### Required action
Reproduce exactly the final portion of the data: every line from the one containing "Some of the text" through the last line, inclusive.

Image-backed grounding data
==============================

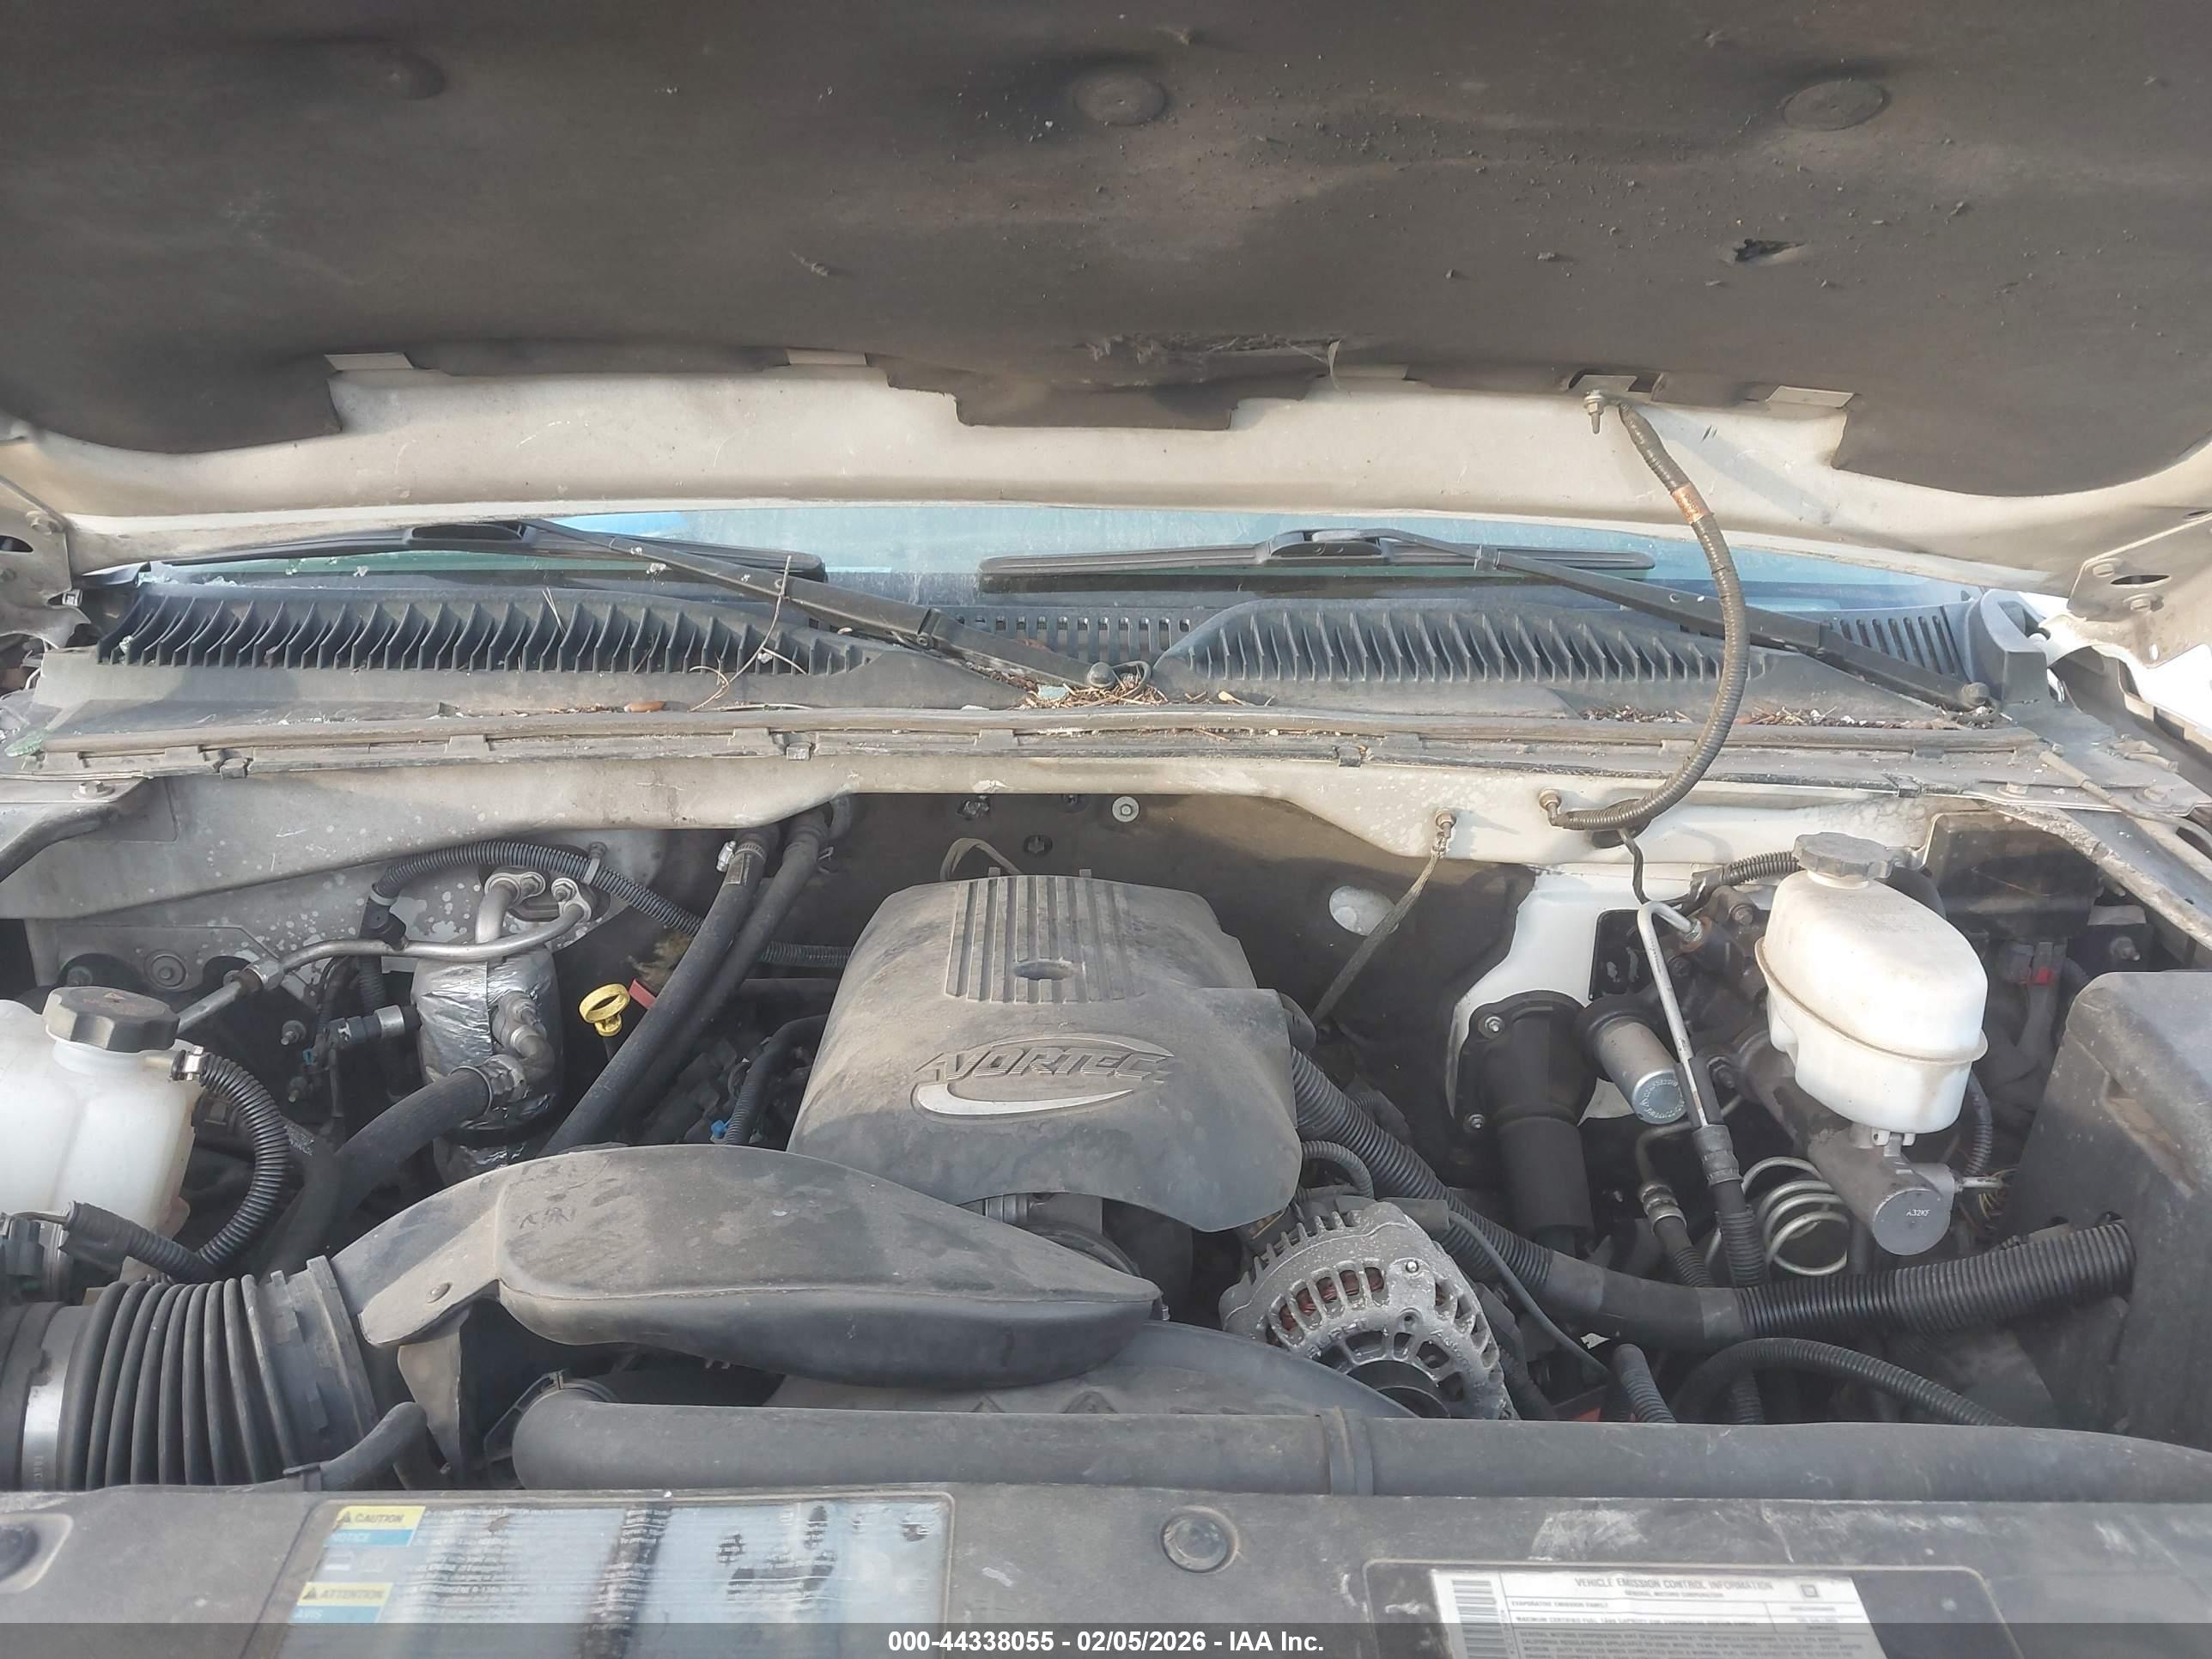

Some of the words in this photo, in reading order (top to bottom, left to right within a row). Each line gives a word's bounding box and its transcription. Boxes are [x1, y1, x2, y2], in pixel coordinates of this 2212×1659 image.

[941, 1045, 1167, 1080] VORTEC
[355, 1512, 405, 1523] CAUTION
[330, 1531, 371, 1542] NOTICE
[1574, 1577, 1613, 1588] VEHICLE
[1615, 1577, 1662, 1589] EMISSION
[1663, 1579, 1706, 1589] CONTROL
[1708, 1579, 1774, 1591] INFORMATION
[321, 1589, 384, 1600] ATTENTION
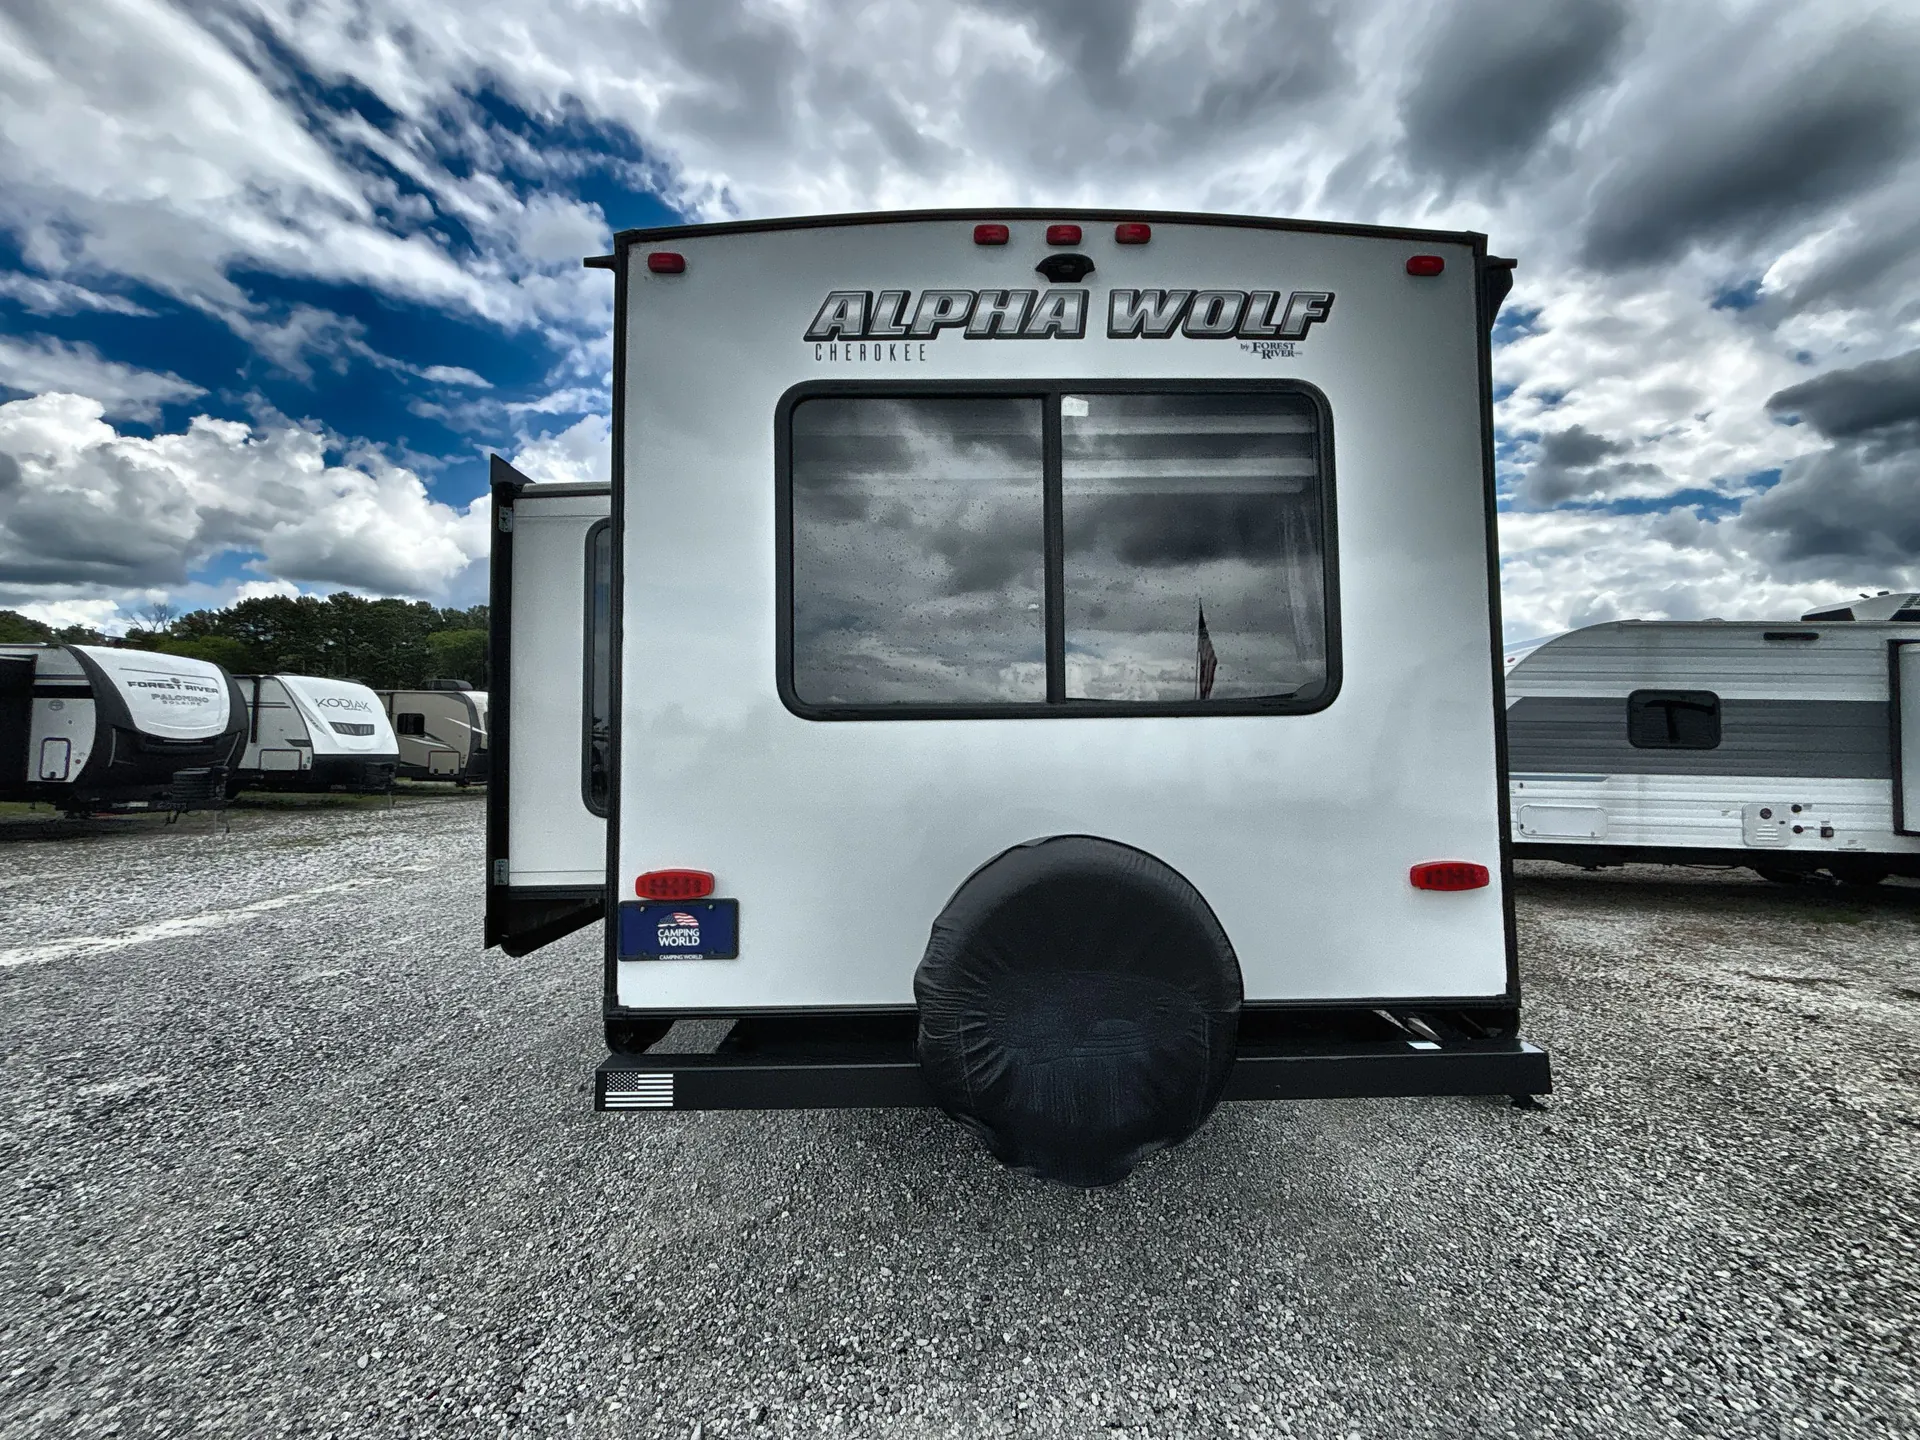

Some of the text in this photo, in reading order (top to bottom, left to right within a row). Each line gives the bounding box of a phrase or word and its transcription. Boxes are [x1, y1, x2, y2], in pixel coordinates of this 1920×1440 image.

[803, 289, 1336, 342] ALPHA WOLF
[815, 343, 926, 362] CHEROKEE
[1240, 341, 1296, 353] by FOREST
[1261, 349, 1295, 360] RIVER
[127, 681, 219, 694] FOREST RIVER
[151, 693, 210, 704] PALOMINO
[315, 698, 373, 713] KODIAK
[657, 928, 700, 937] CAMPING
[658, 936, 700, 947] WORLD

==============================

### Exercise solution
Some of the text in this photo, in reading order (top to bottom, left to right within a row). Each line gives the bounding box of a phrase or word and its transcription. Boxes are [x1, y1, x2, y2], in pixel coordinates of this 1920×1440 image.

[803, 289, 1336, 342] ALPHA WOLF
[815, 343, 926, 362] CHEROKEE
[1240, 341, 1296, 353] by FOREST
[1261, 349, 1295, 360] RIVER
[127, 681, 219, 694] FOREST RIVER
[151, 693, 210, 704] PALOMINO
[315, 698, 373, 713] KODIAK
[657, 928, 700, 937] CAMPING
[658, 936, 700, 947] WORLD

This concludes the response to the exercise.